Nun lag sie in ihrem Bett. Es war kuschelig und ein warmer Lichtstrahl fiel vom Flur in das ansonsten unbeleuchtete Zimmer.
Mama hatte ihr “Gute Nacht“ gesagt und auch Papa hatte sie noch einmal geknuddelt und ihr einen dicken Kuss auf die Wange gedrückt.
Suna überlegte, ob sie noch einmal Durst vortäuschen sollte. Allerdings würden Mama und Papa auch irgendwann ungeduldig werden, wenn sie zu oft wieder aufstehen würde.
Tagsüber war Suna ein fröhliches Kind. Bei ihren Freunden in der Schule konnte sie immer jemanden zum Lachen bringen.
Abends war es anders, denn mit der Dunkelheit kam auch die Angst. Schon viele Abende hatte Suna in ihrem Bett gelegen, an die Decke gestarrt und sich vorgestellt, wie es wohl wäre, jemand anders zu sein. Jemand ohne Angst. Jemand Mutiges. Jemand, der kein Abenteuer scheute.
Sunas größtes Abenteuer hatte einmal darin bestanden, bei ihrer Freundin Lisa übernachten zu wollen. Leider hatte ihre Angst ihr einen Strich durch die Rechnung gemacht und das Abenteuer vorzeitig beendet. Lisas Mutter hatte Suna mitten in der Nacht wieder nach Hause fahren müssen, denn in Lisas Zimmer war es schrecklich dunkel gewesen bis auf das fahle Mondlicht das durch die Gardine schimmerte, und Suna hatte in jeder Ecke komische Schatten gesehen. Danach hatte sie es nie wieder versucht.
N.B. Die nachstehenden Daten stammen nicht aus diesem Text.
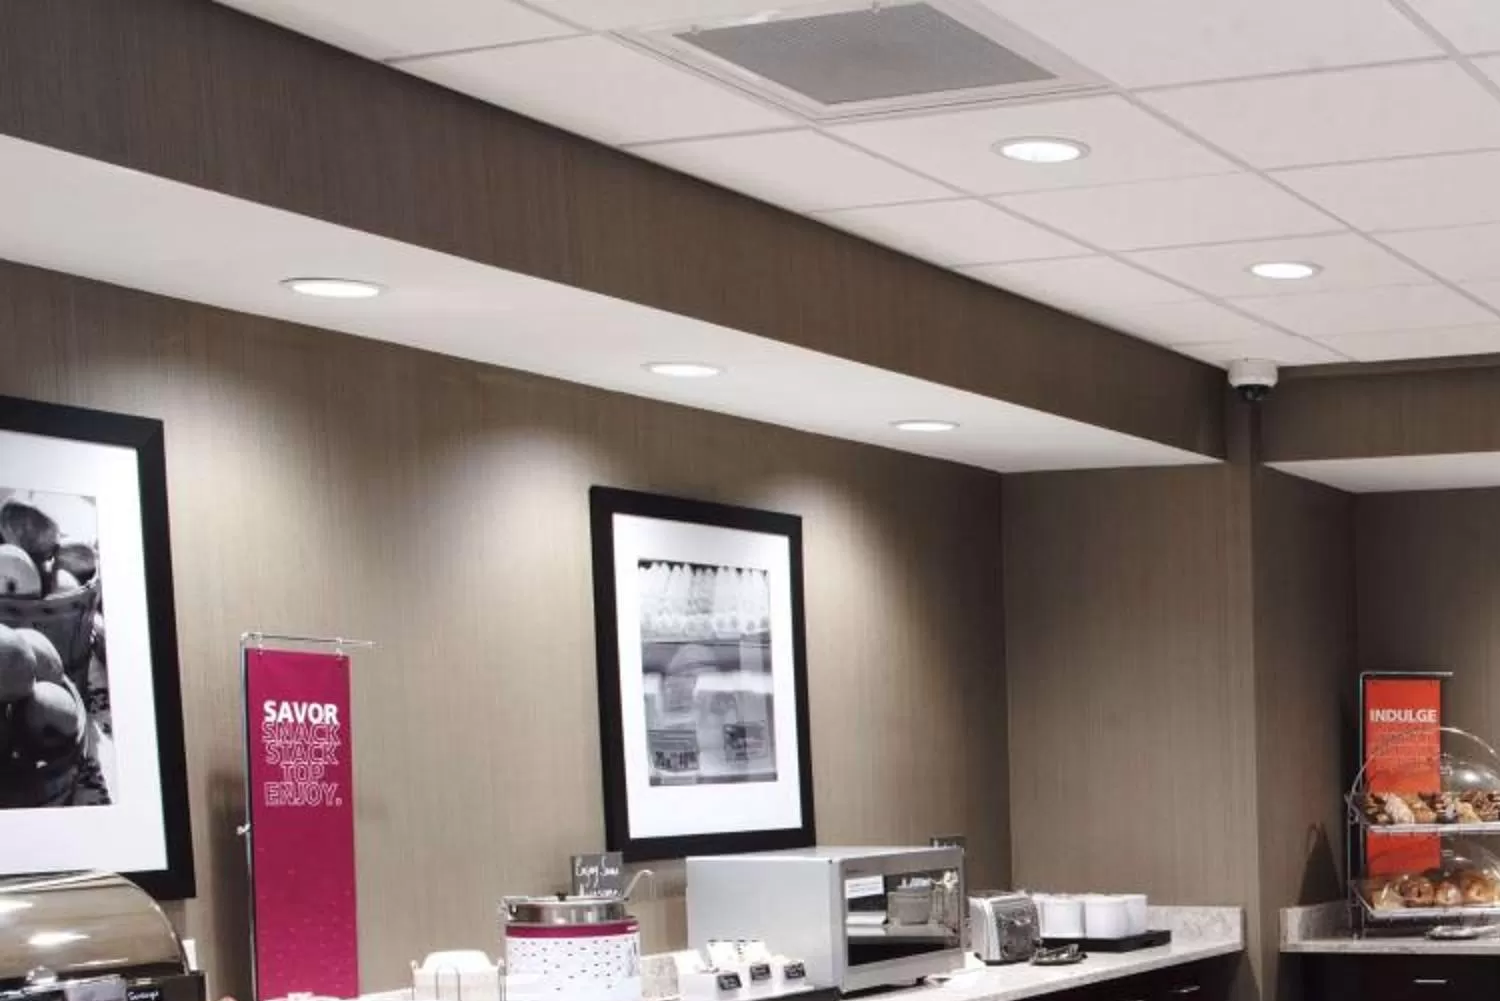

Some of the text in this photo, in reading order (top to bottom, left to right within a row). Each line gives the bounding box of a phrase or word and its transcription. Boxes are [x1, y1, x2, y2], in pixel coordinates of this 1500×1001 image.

Suna nahm Teddy in die Arme und drückte ihn so fest sie konnte. Teddy war ein kleiner brauner Bär mit Schlackerarmen und -beinen. Ohne ihn war an Einschlafen gar nicht zu denken! Ganz leise sprach sie mit ihm und streichelte sein weiches Fell. Warum nur, war sie abends so ängstlich? Schritte im Flur ließen Suna aufhorchen. Mama!
„Was ist denn los, mein Schatz? Kannst du wieder nicht schlafen?“
Suna schüttelte traurig den Kopf. „Kannst du nicht bei mir bleiben, bis ich eingeschlafen bin, Mama?“
Mama strich über Sunas Wange. „Du brauchst vor nichts Angst zu haben, wir sind doch ganz in deiner Nähe!“
Tatsächlich war Sunas Zimmer nur durch den Flur von der Wohnzimmertür getrennt.
„Ich weiß auch nicht...ich...“
„Pass auf, mein Mädchen, ich zeig' dir etwas! Kennst du schon den Trick mit der magischen Mauer?“
Suna zog zweifelnd die Augenbrauen zusammen. Mama wollte sie anscheinend aufmuntern, auch wenn Suna mit ihren elf Jahren eigentlich viel zu alt war, um an irgendwelche zauberhaften Geschichten zu glauben. Wenn es aber dazu führte, dass Mama noch ein paar Minuten länger bei ihr saß, war Suna jede Geschichte recht.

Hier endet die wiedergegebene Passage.